Although there may be one or more of each of the various elements
of the scanner system 551, for simplicity in the description that
follows, these elements will be described in the singular except
when needed to be described in the plural to convey the appropriate
information.
[0280] The one or more processors 556 may include, for example, a
central processing unit ("CPU") and a separate graphics processing
unit ("GPU") capable of processing instructions in parallel or the
one or more processors 556 may include a multicore processor
capable of processing instructions in parallel. Additional separate
processors may also be provided to control particular components or
perform particular functions such as image processing. For example,
additional processors may include an auxiliary processor to manage
data input, an auxiliary processor to perform floating point
mathematical operations, a special-purpose processor having an
architecture suitable for fast execution of signal processing
algorithms (e.g., digital signal processor), a slave processor
subordinate to the main processor (e.g., back-end processor), an
additional processor for controlling the line scan camera 615, the
stage 580, the objective lens 225, and/or a display (not shown).
Such additional processors may be separate discrete processors or
may be integrated with the processor 556.

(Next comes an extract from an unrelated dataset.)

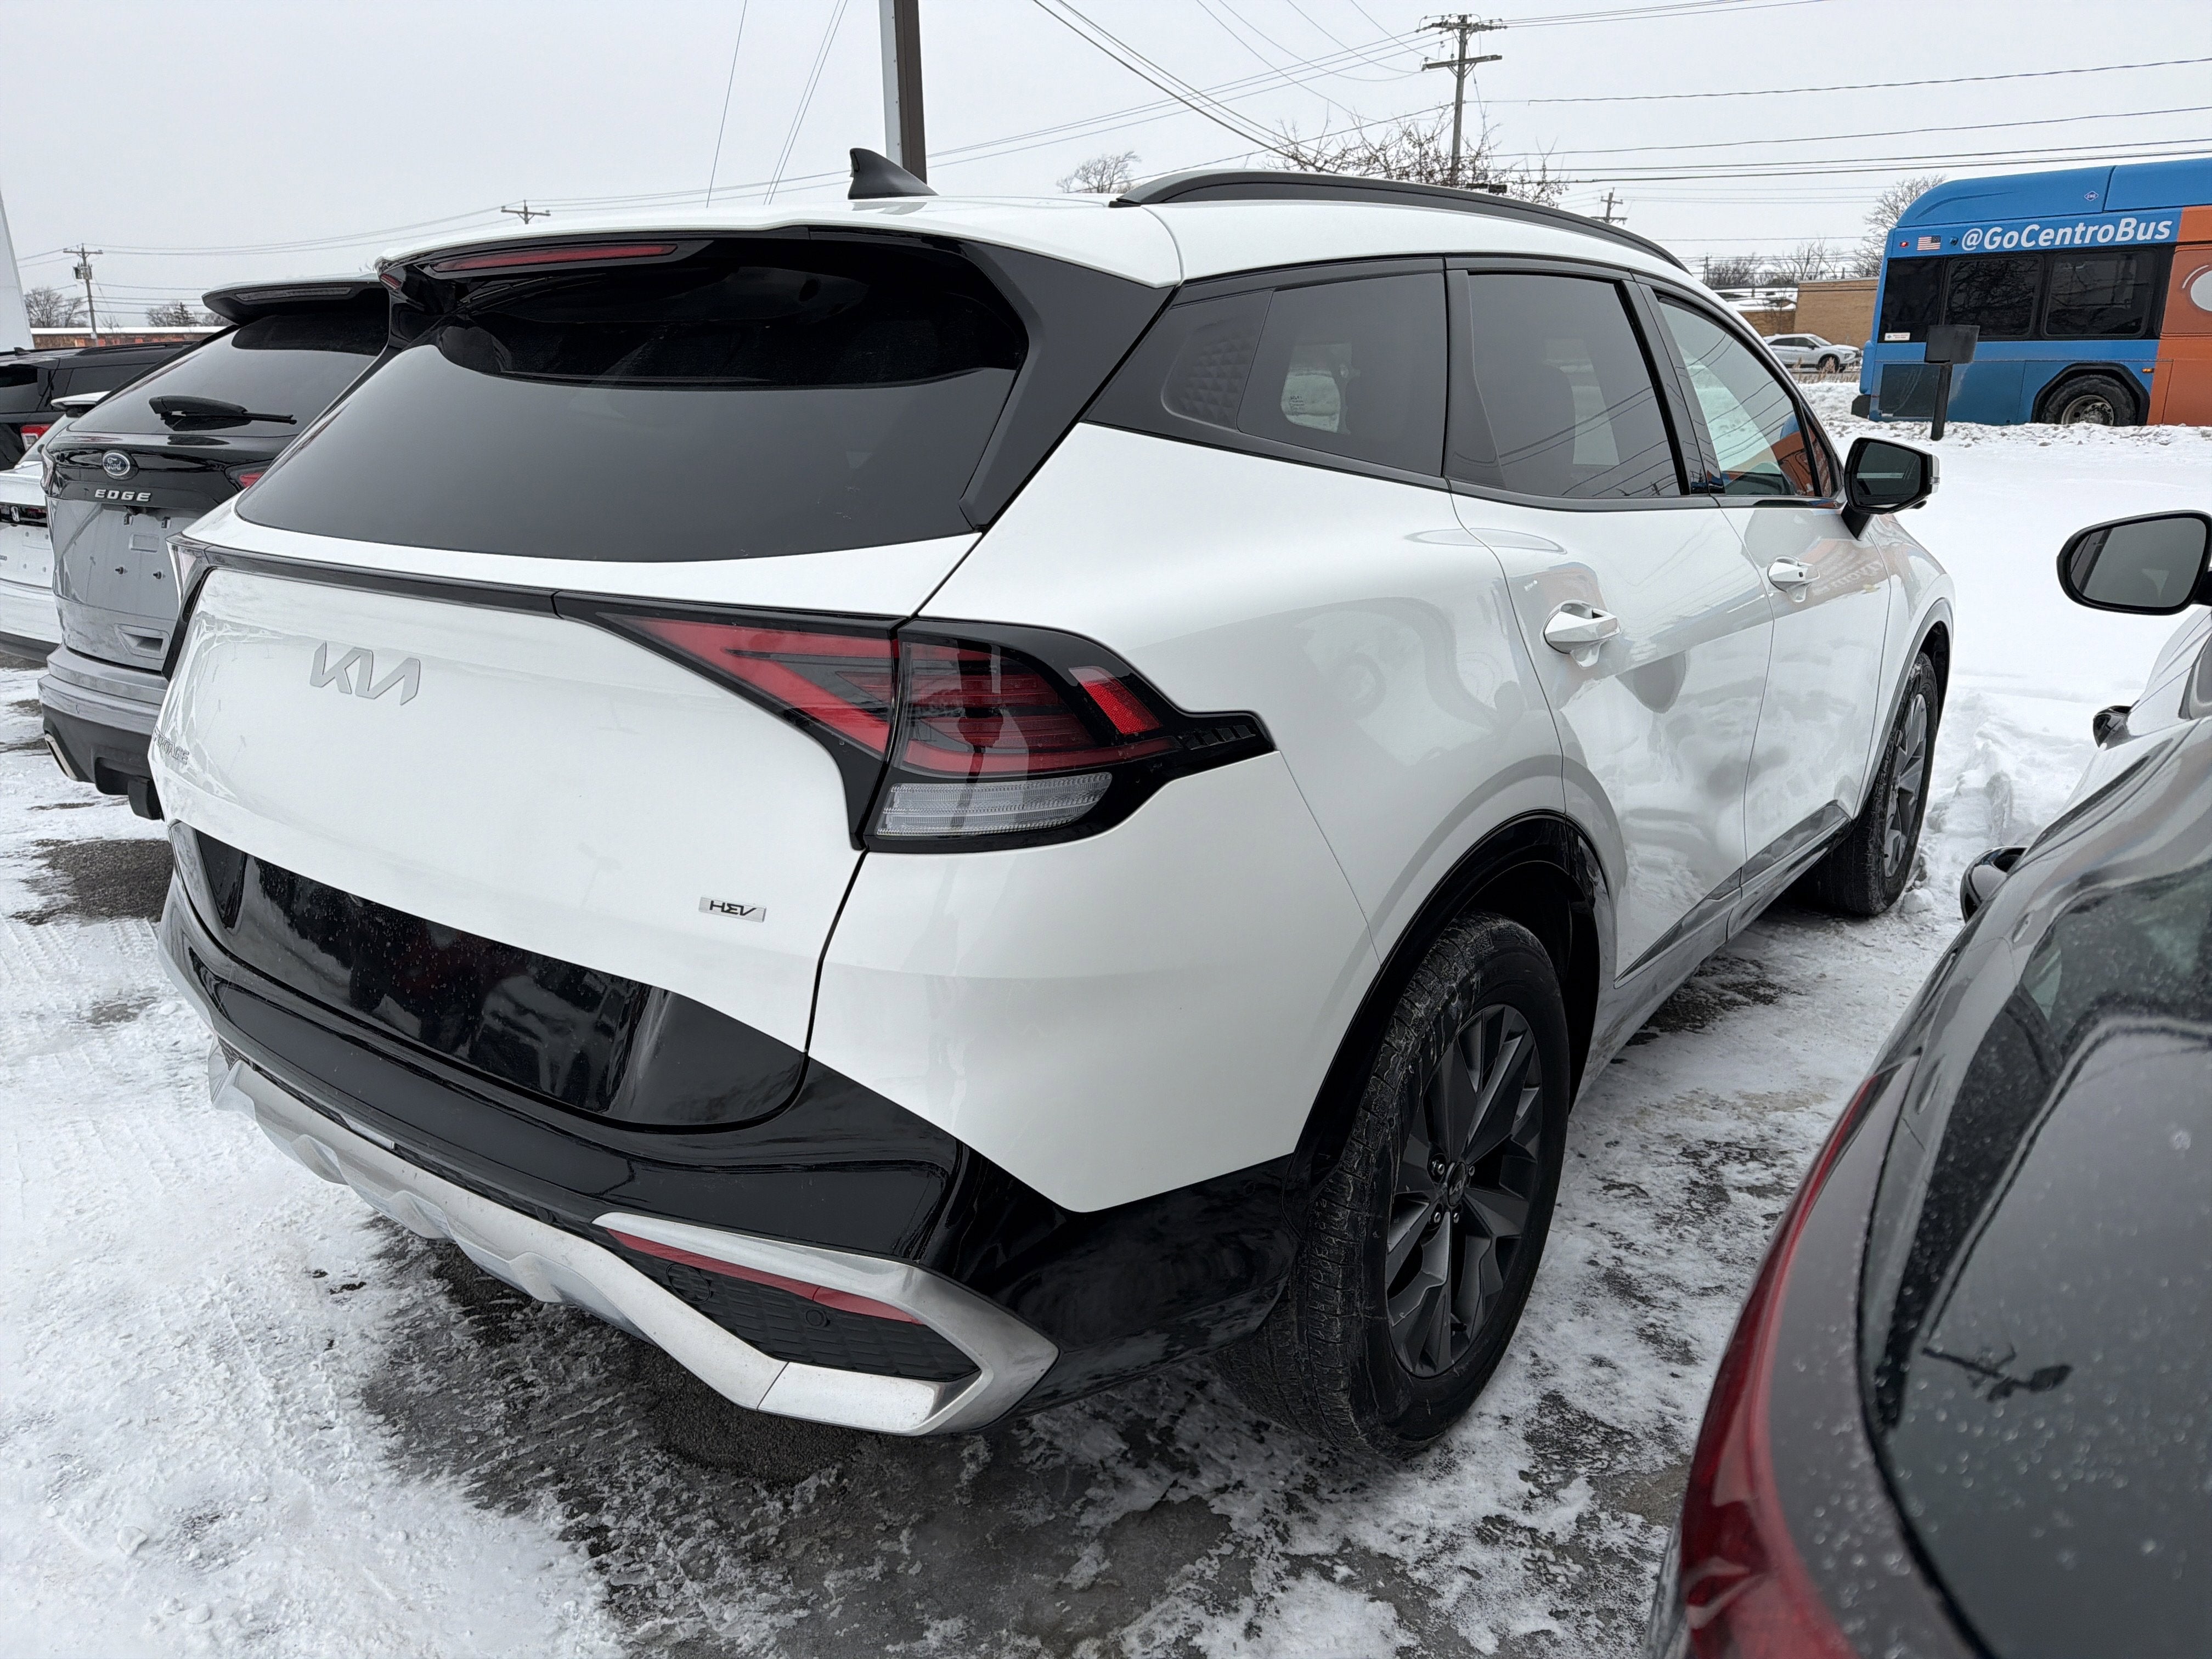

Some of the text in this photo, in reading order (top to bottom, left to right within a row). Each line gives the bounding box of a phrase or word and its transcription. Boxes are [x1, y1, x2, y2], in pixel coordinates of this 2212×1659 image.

[0281] The memory 566 provides storage of data and instructions for
programs that can be executed by the processor 556. The memory 566
may include one or more volatile and persistent computer-readable
storage mediums that store the data and instructions, for example,
a random access memory, a read only memory, a hard disk drive,
removable storage drive, and the like. The processor 556 is
configured to execute instructions that are stored in memory 566
and communicate via communication bus 560 with the various elements
of the scanner system 551 to carry out the overall function of the
scanner system 551.
[0282] The one or more communication busses 560 may include a
communication bus 560 that is configured to convey analog
electrical signals and may include a communication bus 560 that is
configured to convey digital data. Accordingly, communications from
the processor 556, the motion controller 571, and/or the interface
system 576 via the one or more communication busses 560 may include
both electrical signals and digital data. The processor 556, the
motion controller 571, and/or the interface system 576 may also be
configured to communicate with one or more of the various elements
of the scanning system 551 via a wireless communication link.

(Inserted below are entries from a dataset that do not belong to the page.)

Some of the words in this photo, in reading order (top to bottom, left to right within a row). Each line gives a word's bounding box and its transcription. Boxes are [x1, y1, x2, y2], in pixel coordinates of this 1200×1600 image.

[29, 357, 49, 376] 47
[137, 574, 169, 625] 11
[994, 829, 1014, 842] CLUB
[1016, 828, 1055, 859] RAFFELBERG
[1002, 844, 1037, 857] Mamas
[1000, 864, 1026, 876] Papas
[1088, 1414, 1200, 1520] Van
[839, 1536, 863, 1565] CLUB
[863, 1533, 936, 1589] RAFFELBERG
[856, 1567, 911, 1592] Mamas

[0283] The motion control system 571 is configured to precisely
control and coordinate XYZ movement of the stage 580 and the
objective lens 600 (e.g., via the objective lens positioner 630).
The motion control system 571 is also configured to control
movement of any other moving part in the scanner system 551. For
example, in a fluorescence scanner embodiment, the motion control
system 571 is configured to coordinate movement of optical filters
and the like in the epi-illumination system 635.

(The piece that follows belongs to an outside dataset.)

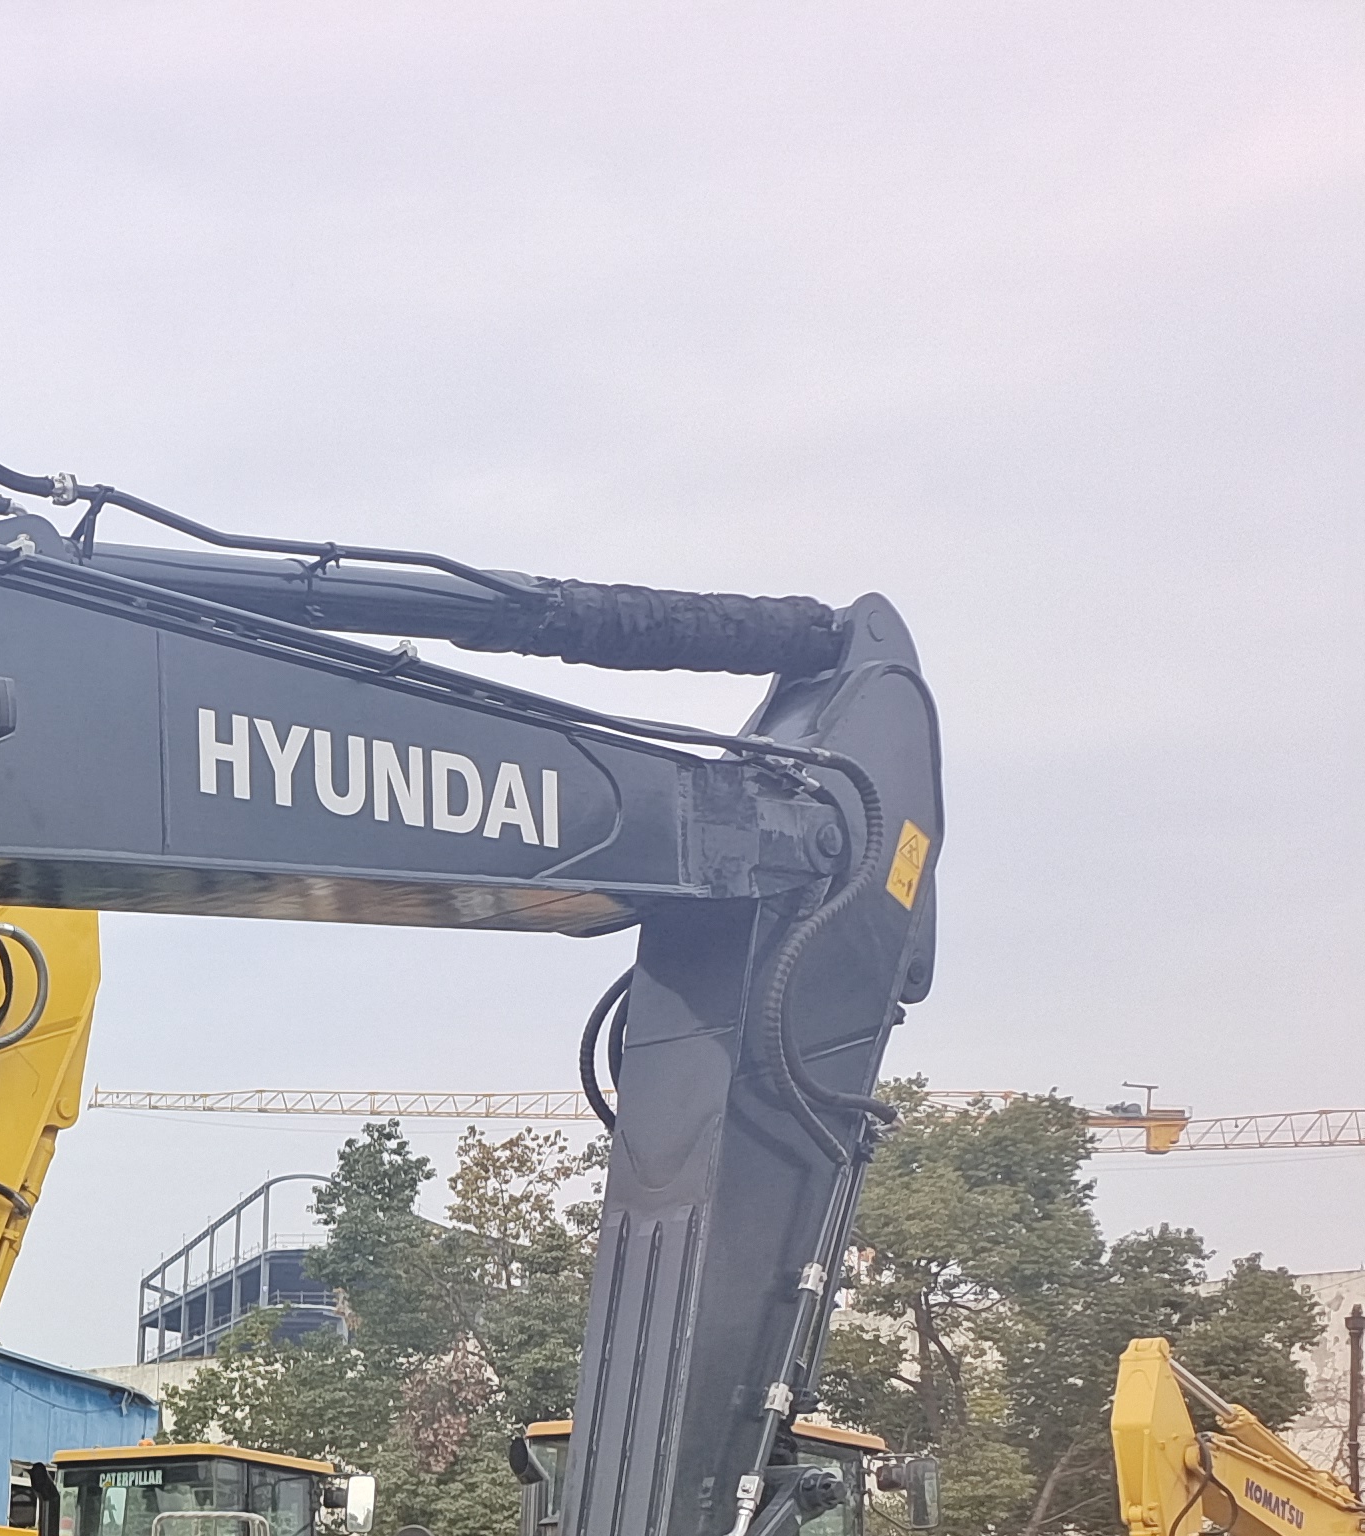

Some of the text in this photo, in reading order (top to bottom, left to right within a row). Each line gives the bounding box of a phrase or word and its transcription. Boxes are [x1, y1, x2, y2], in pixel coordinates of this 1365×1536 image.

[198, 707, 559, 849] HYUNDAI
[99, 1470, 163, 1488] CATERPILLAR
[1244, 1477, 1305, 1530] KOMATSU

[0284] The interface system 576 allows the scanner system 551 to
interface with other systems and human operators. For example, the
interface system 576 may include a user interface to provide
information directly to an operator and/or to allow direct input
from an operator. The interface system 576 is also configured to
facilitate communication and data transfer between the scanning
system 551 and one or more external devices that are directly
connected (e.g., a printer, removable storage medium) or external
devices such as an image server system, an operator station, a user
station, and an administrative server system that are connected to
the scanner system 551 via a network (not shown).
[0285] The illumination system 595 is configured to illuminate a
portion of the sample 590. The illumination system may include, for
example, a light source and illumination optics. The light source
could be a variable intensity halogen light source with a concave
reflective mirror to maximize light output and a KG-1 filter to
suppress heat. The light source could also be any type of arc-lamp,
laser, or other source of light. In one embodiment, the
illumination system 595 illuminates the sample 590 in transmission
mode such that the line scan camera 615 and/or area scan camera 620
sense optical energy that is transmitted through the sample 590.
Alternatively, or in combination, the illumination system 595 may
also be configured to illuminate the sample 590 in reflection mode
such that the line scan camera 615 and/or area scan camera 620
sense optical energy that is reflected from the sample 590.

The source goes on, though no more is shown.